On a regular basis, each of us turns out to be a lost sheep; and time and again, we are that precious coin that disappears and just cannot be found. At such times, God, like a shepherd with no common sense, leaves the rest of the flock and searches everywhere in order to find us. God, like a housewife gone crazy, tears the place apart, searching every dark corner to find us. The faithful shepherd travels into the thicket to pull us out and will crawl into the hole we have dug for ourselves and lift us up. If we’re hidden, he turns up in the crawl space of our soul, calling us to take heart, reminding us that we are God’s own.

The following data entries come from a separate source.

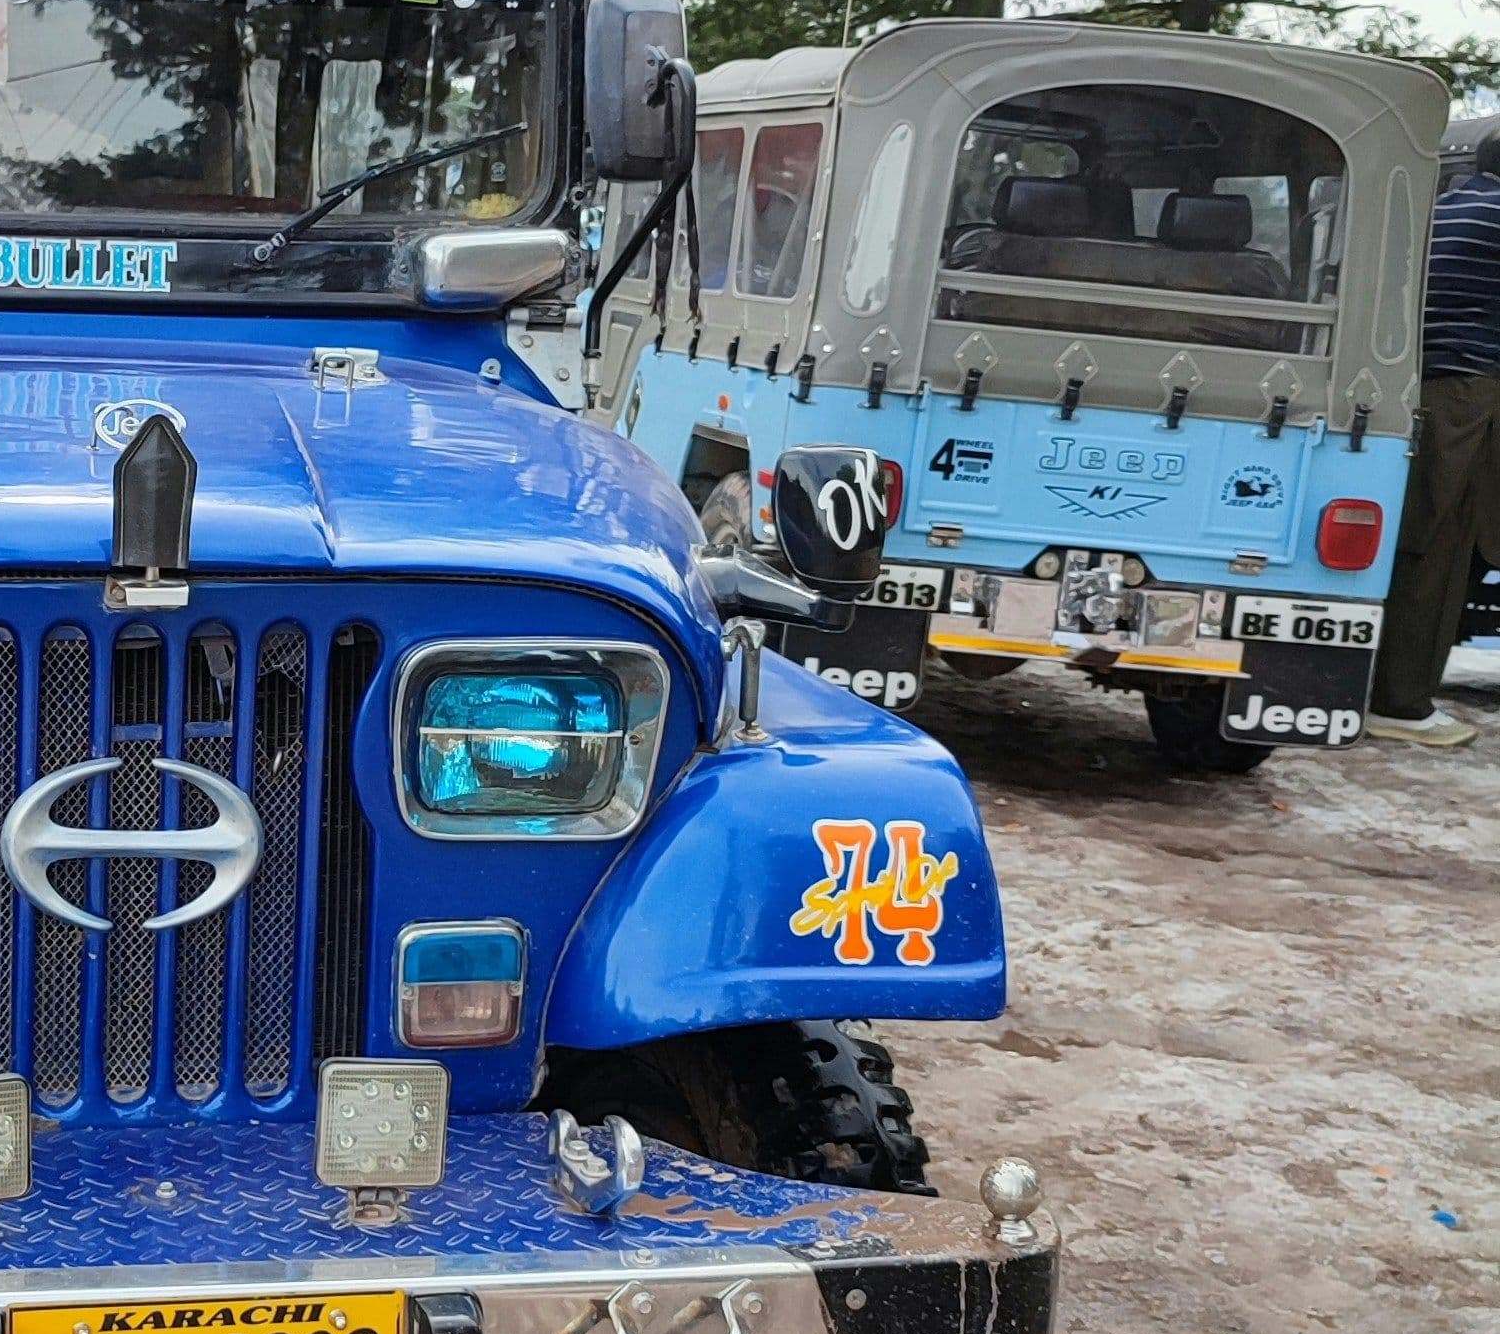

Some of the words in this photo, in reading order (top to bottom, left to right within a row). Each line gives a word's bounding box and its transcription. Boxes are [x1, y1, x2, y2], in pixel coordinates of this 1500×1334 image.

[929, 438, 956, 481] 4
[956, 439, 994, 450] WHEEL
[1039, 437, 1184, 481] Jeep
[954, 473, 990, 485] DRIVE
[818, 449, 888, 551] OK
[1241, 612, 1281, 637] BE
[1292, 616, 1375, 644] 0613
[1228, 694, 1361, 746] Jeep
[98, 1302, 327, 1333] KARACHI

May the God of lost sheep and lost coins and lost sons and daughters help us to find what we’ve lost in our years of living, that we might begin to live abundantly, called to new life in areas that are troubled and broken and wounded. May the God of lost sheep and lost coins and lost children redeem our past, help us to live fully in the present and open to us a future filled with hope and possibility – and give us grace to help each other along the way.
Giving thanks for our faithful God who finds us in our hiding places, and for those streams of mercy, never ceasing.
Elizabeth
Last week, a young mother shared with me a pediatric nurse told her that her 18-month-old son should know how to point to his body parts when the word is spoken. “Could your children do that at 18 months?” she asked. As I’ve reflected on her question, I’ve come to remember that my children probably learned that skill in the Nursery Department of Sunday School.

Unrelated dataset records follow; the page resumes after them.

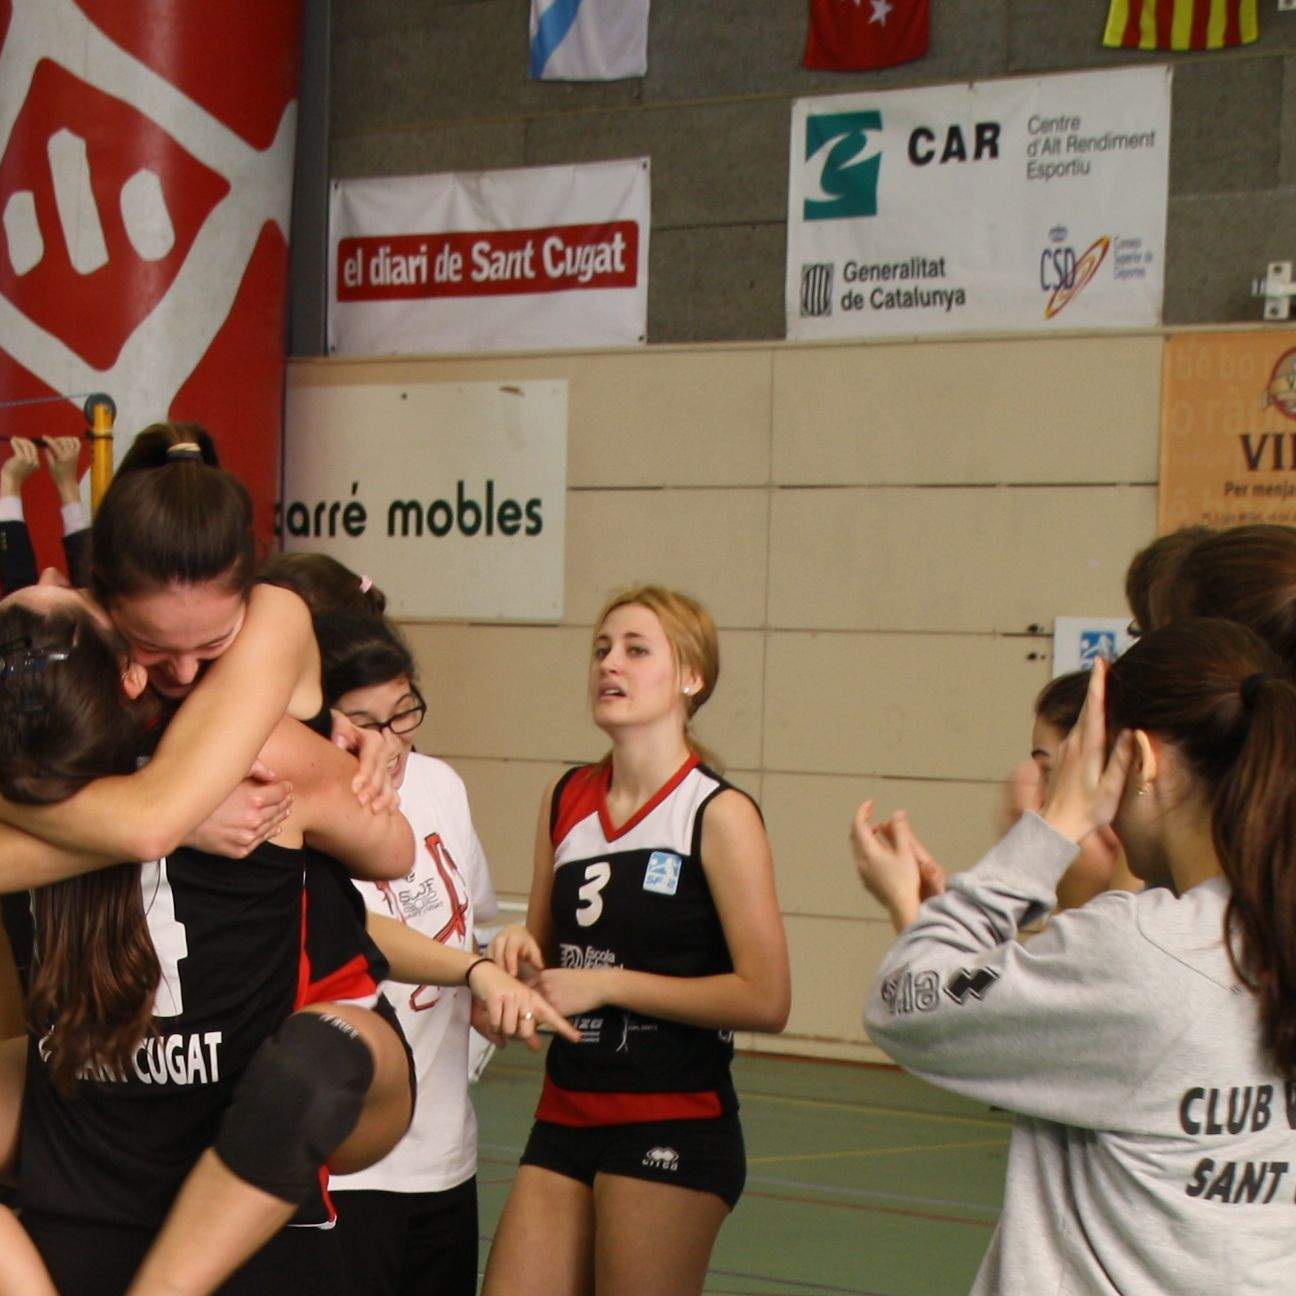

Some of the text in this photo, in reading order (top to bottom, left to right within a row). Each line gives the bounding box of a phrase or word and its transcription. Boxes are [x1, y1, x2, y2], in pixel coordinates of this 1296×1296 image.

[908, 121, 1002, 166] CAR
[1027, 114, 1081, 135] Centre
[1066, 130, 1156, 154] Rendiment
[1026, 159, 1091, 182] Esportiu
[343, 231, 627, 288] el diari de Sant Cugat
[843, 256, 946, 282] Generalitat
[840, 285, 967, 315] de Catalunya
[387, 479, 544, 538] mobles
[1224, 481, 1248, 497] Per
[575, 861, 612, 927] 3
[131, 1031, 223, 1086] CUGAT
[1178, 1084, 1274, 1136] CLUB
[1185, 1157, 1289, 1205] SANT

“From my head down to my toes, God made me, ” they would sing…… “from my head down to my toes, my eyes, my ears, my nose! From my head down to my toes, God made me.” Other verses reminded them: “from my head down to my toes, God loves me; from my head down to my toes, God sends me and from my head down to my toes, God’s with me.” And there were other songs, “Oh, be careful little feet where you go……be careful little hands what you so……be careful little mouth what you say….be careful little ears, what you hear……….for your Father up above is looking down in love…..”

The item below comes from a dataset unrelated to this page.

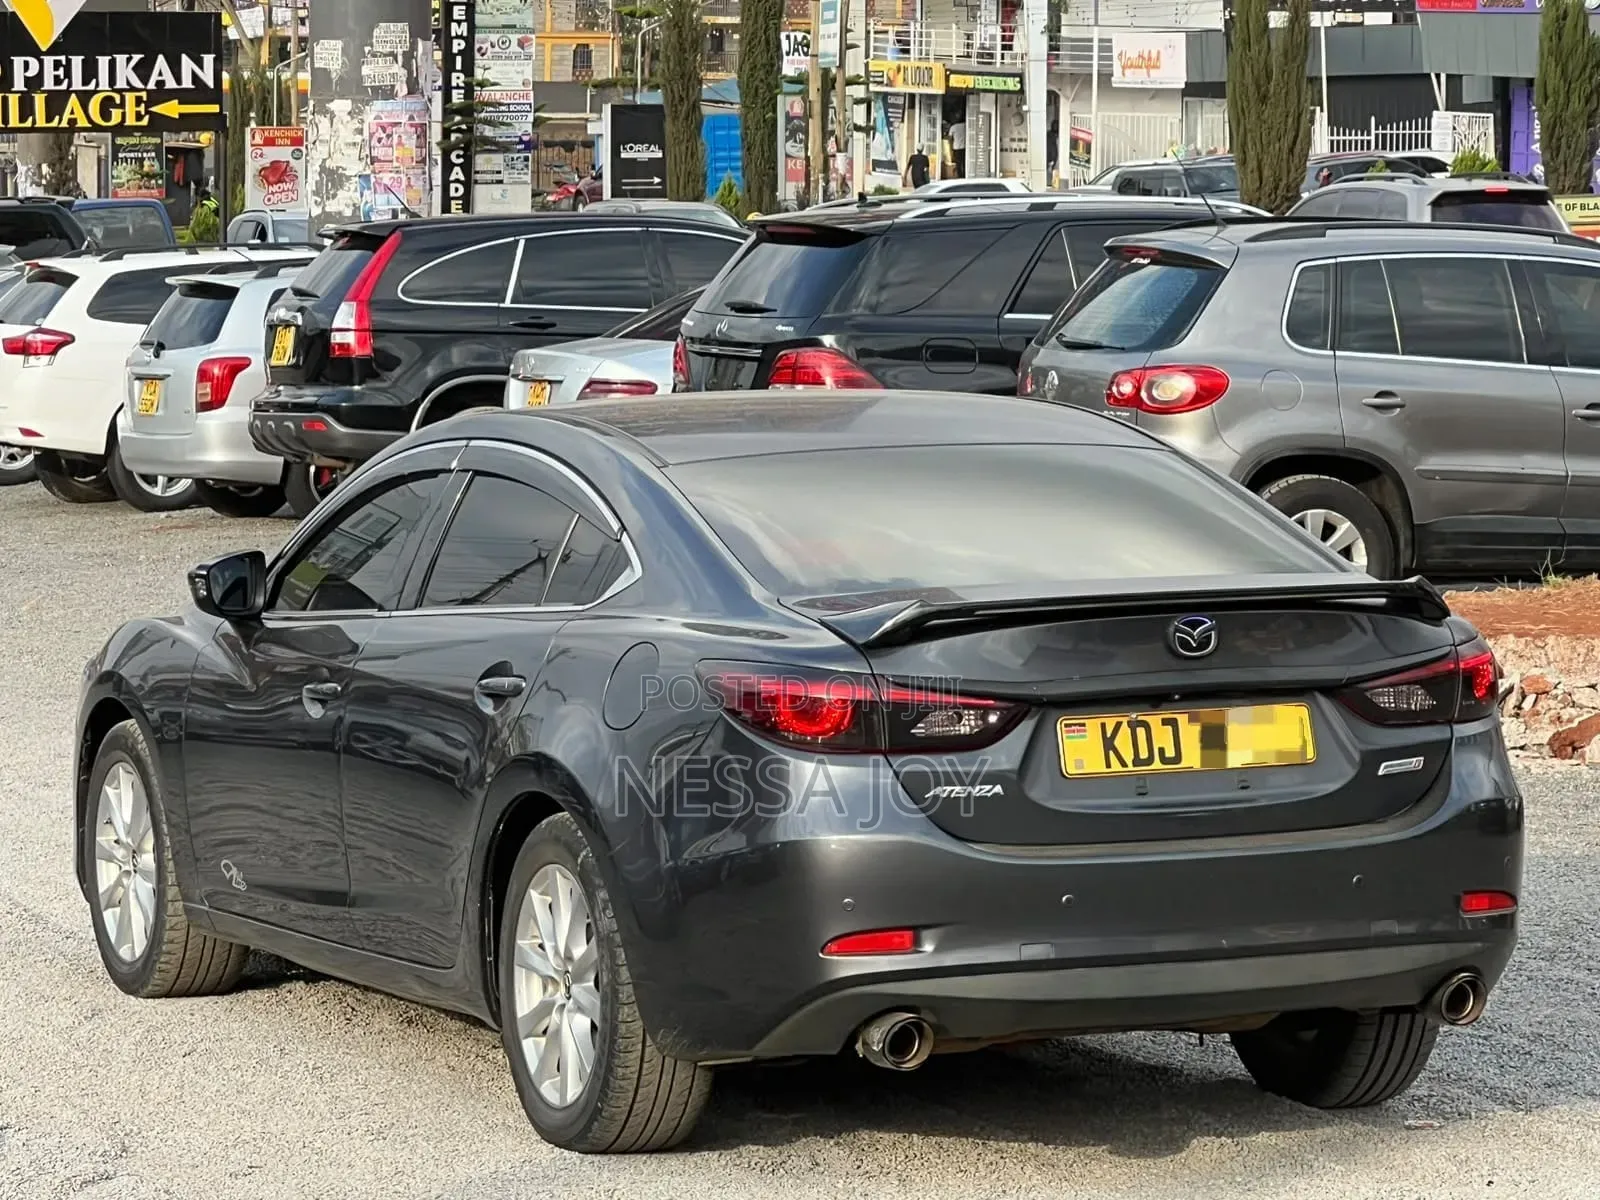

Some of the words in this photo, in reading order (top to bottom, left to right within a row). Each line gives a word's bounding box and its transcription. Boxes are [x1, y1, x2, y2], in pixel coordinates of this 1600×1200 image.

God’s children of all ages at Jackson Springs Presbyterian heard a wonderful message from another children’s favorite: “Hokey Pokey.” Putting first our left hand in, then our right hand in, we finally put our “whole self” in and remembered “that’s what it’s all about.” The smiles and knowing nods throughout the congregation affirmed the message had been received!
Verses from Psalm 139 served as our Call to Worship for the day. The message of this Psalm comes through words of relationship. It’s about our relationship with God and God’s relationship with us, what we do, where we are, even that we are – all are in the context of God’s loving provision and care. We see our very existence described in terms of the activity of God, in terms of who God is and in light of all God has done. The psalmist assures us that when we take off in all directions, and find ourselves in the best of times or in the worst of times, even there, wherever we find ourselves, God’s hand is leading us and God’s right hand holding us fast. (Psalm 139:10) Though we may not always feel God’s presence, hear God’s voice, or see God at work in our lives, we can rest assured that we are in God’s hands – strong and loving hands, that will never let us go!
I give thanks for heart knowledge of God’s loving care from day to day and for Nursey Class songs that planted that truth in my heart. I see now that these songs little ones sing about “body parts” also teach them the deeper truth of being a part of the Body of Christ, the church. “Let’s put our whole selves in and take our whole selves out … that’s what it’s all about!”